TKMS-Chef fordert „Airbus zur See“
Oliver Burkhard
Partnerschaft mit Navantia und mögliche Erweiterung
Mit dem spanischen Unternehmen Navantia ist die börsennotierte Thyssenkrupp-Tochter TKMS bereits eine strategische Partnerschaft für den U-Boot-Bau eingegangen. Man sei in Gesprächen, für künftige Aufträge Teile von U-Booten in Spanien bauen zu lassen, wenn der Kunde das erlaube, sagte Burkhard, der seit Mai 2022 Chef von TKMS ist. „Vielleicht machen wir mit Navantia den Anfang, und irgendwann schließen sich weitere Partner unserem Bündnis an.“
Erwartete U-Boot-Aufträge und Aktienkurs
Burkhard rechnet fest damit, nach dem U-Boot-Auftrag aus Kanada auch mit Indien ins Geschäft zu kommen.
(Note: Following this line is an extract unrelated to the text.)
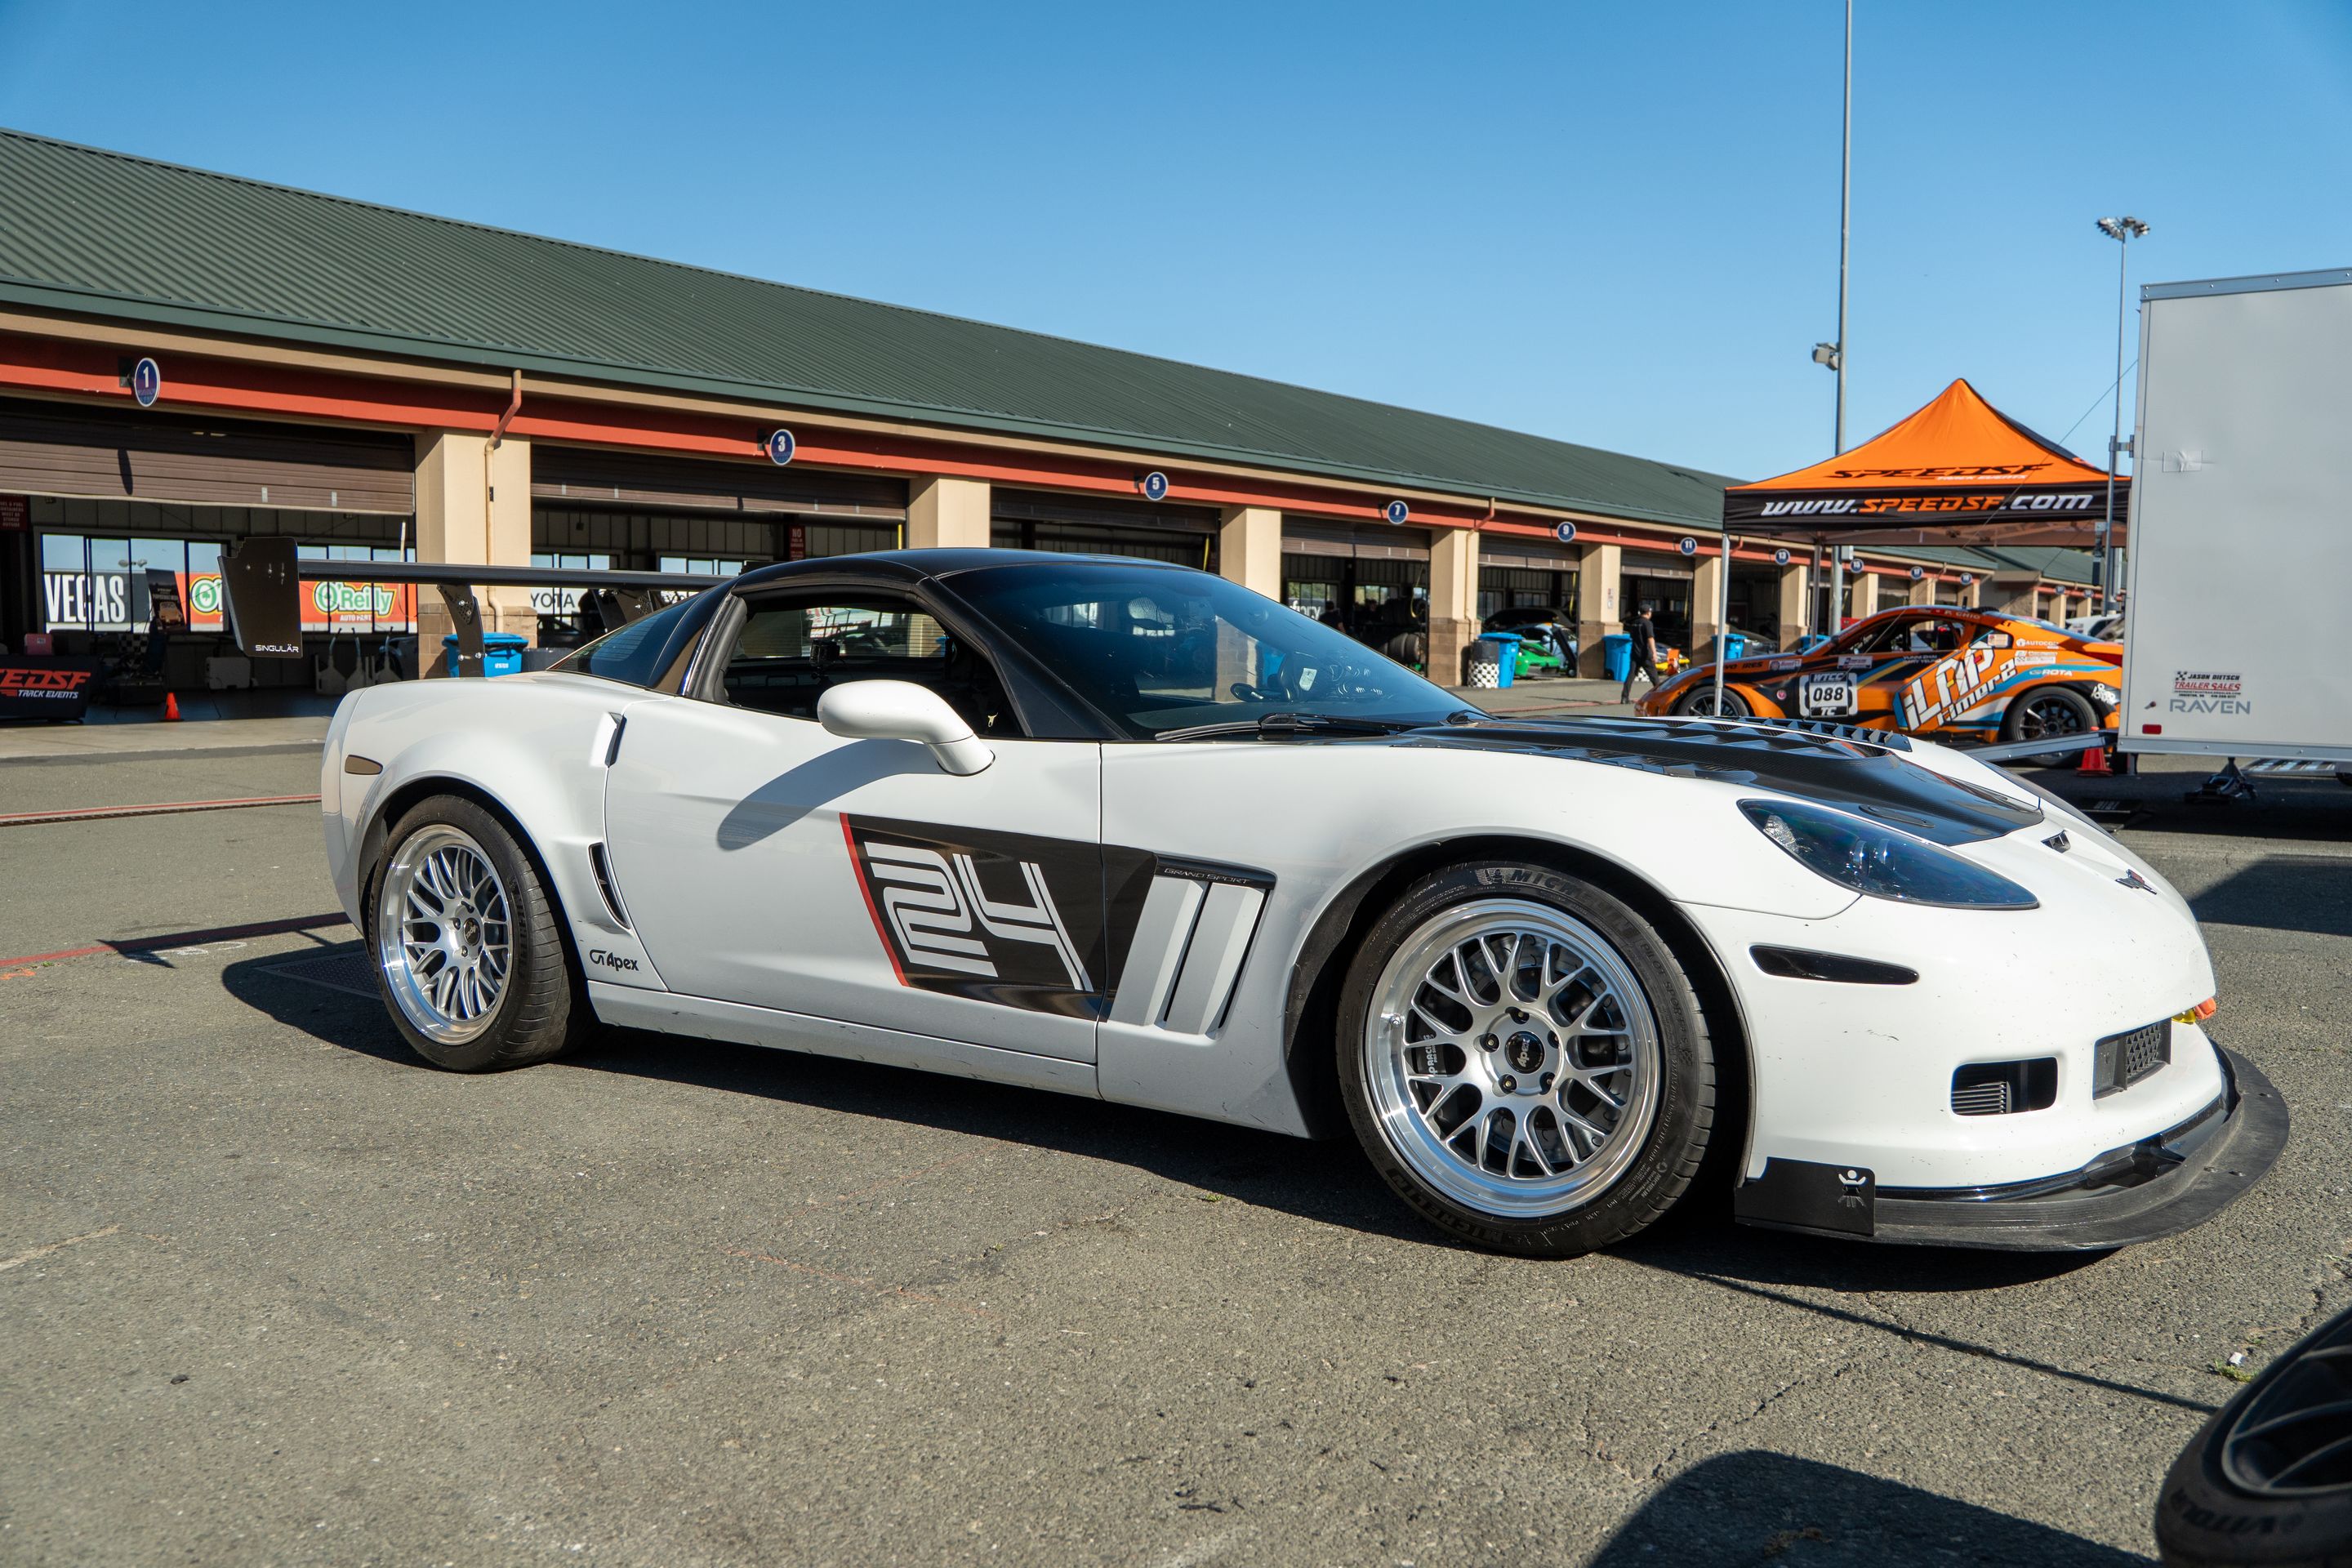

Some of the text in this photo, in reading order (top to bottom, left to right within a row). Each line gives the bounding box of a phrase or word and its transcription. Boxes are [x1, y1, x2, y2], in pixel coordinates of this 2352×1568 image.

Indien leide zwar stark unter den wirtschaftlichen Folgen des Irankriegs, aber soweit er informiert sei, habe das indische Finanzministerium das Budget für neue U-Boote bereits gebilligt. „Ich gehe daher davon aus, dass wir zum Ende dieses Jahres Unterschriften für die sechs U-Boote sehen, gegebenenfalls mit der Option für drei weitere“, so Burkhard gegenüber dem „Handelsblatt“.
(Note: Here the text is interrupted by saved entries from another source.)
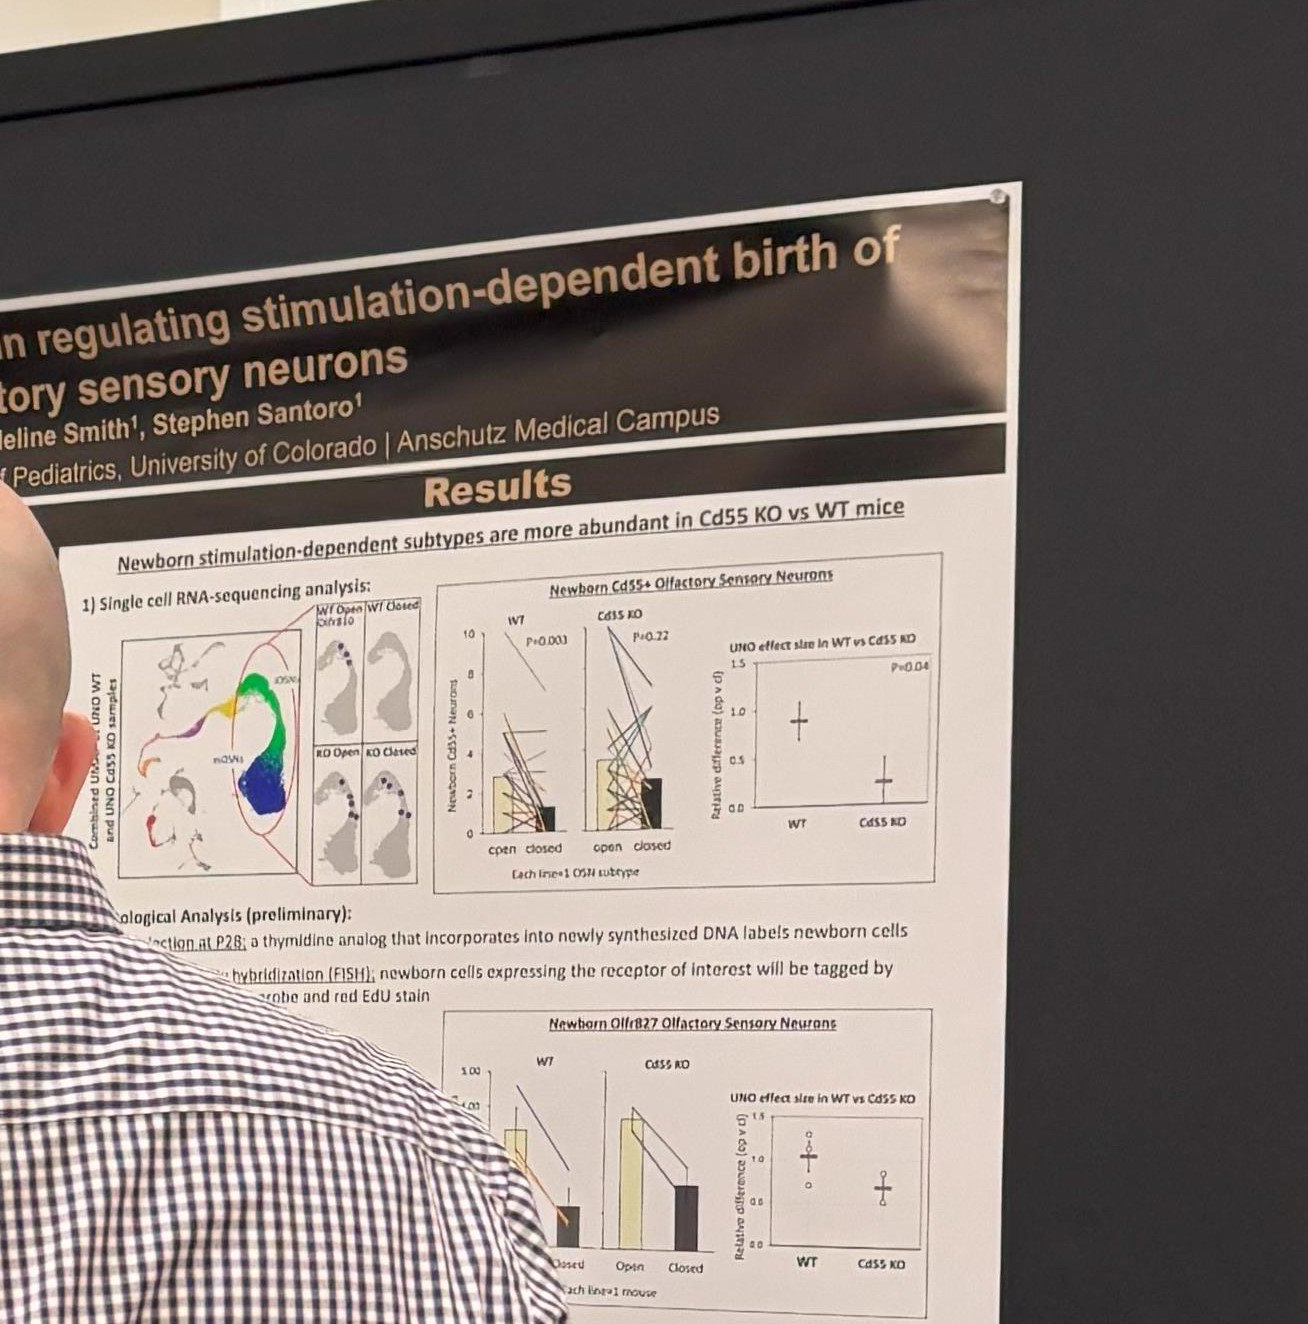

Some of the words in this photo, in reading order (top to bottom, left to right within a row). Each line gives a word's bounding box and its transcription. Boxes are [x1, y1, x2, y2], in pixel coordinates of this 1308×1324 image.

[35, 307, 231, 361] regulating
[240, 246, 719, 335] stimulation-dependent
[731, 231, 838, 282] birth
[853, 225, 902, 269] of
[77, 362, 231, 410] sensory
[242, 341, 408, 389] neurons
[151, 406, 250, 438] Stephen
[14, 459, 122, 494] Pediatrics,
[129, 446, 238, 478] University
[243, 441, 268, 467] of
[271, 433, 377, 465] Colorado
[395, 422, 507, 454] Anschutz
[513, 409, 608, 443] Medical
[615, 405, 721, 434] Campus
[423, 467, 572, 509] Results
[116, 551, 198, 575] Newborn
[195, 534, 402, 569] stimulation-dependent
[400, 529, 489, 553] subtypes
[486, 527, 523, 546] are
[520, 522, 577, 543] more
[575, 513, 674, 539] abundant
[672, 510, 697, 532] in
[698, 506, 749, 527] Cd55
[753, 504, 783, 524] KO
[787, 505, 810, 521] vs
[814, 499, 850, 520] WT
[854, 496, 905, 517] mice
[81, 595, 96, 615] 1)
[98, 593, 144, 613] Single
[146, 590, 173, 608] cell
[175, 582, 302, 606] RNA-sequencing
[304, 576, 371, 598] analysis:
[120, 909, 176, 927] ological
[179, 906, 242, 927] Analysis
[245, 903, 352, 926] (preliminary):
[198, 936, 212, 949] at
[249, 936, 259, 948] a
[261, 931, 334, 951] thymidine
[337, 930, 388, 949] analog
[390, 929, 421, 946] that
[424, 929, 520, 948] incorporates
[523, 928, 554, 944] into
[557, 926, 604, 946] newly
[607, 924, 699, 946] synthesized
[702, 924, 739, 941] DNA
[742, 923, 790, 941] labels
[792, 922, 867, 940] newborn
[870, 921, 908, 939] cells
[548, 1016, 608, 1029] Newborn
[660, 1015, 722, 1029] Olfactory
[723, 1015, 778, 1030] Sensory
[779, 1015, 837, 1030] Neurons
Mit dem Aktienkurs seines Unternehmens zeigt sich der Manager zufrieden, auch wenn er weit unter dem Höchstkurs vom Februar dieses Jahres liegt. „Wir können sehr zufrieden sein mit einem Aktienkurs von 80 Euro“, sagte der TKMS-Chef dem „Handelsblatt“. Die Kursbewegung zeige aber auch, „dass einige Aktionäre offenbar derzeit noch nicht so sehr an der langfristigen Entwicklung der TKMS teilhaben wollen, sondern eher noch mehr an der eigenen Rendite interessiert sind“.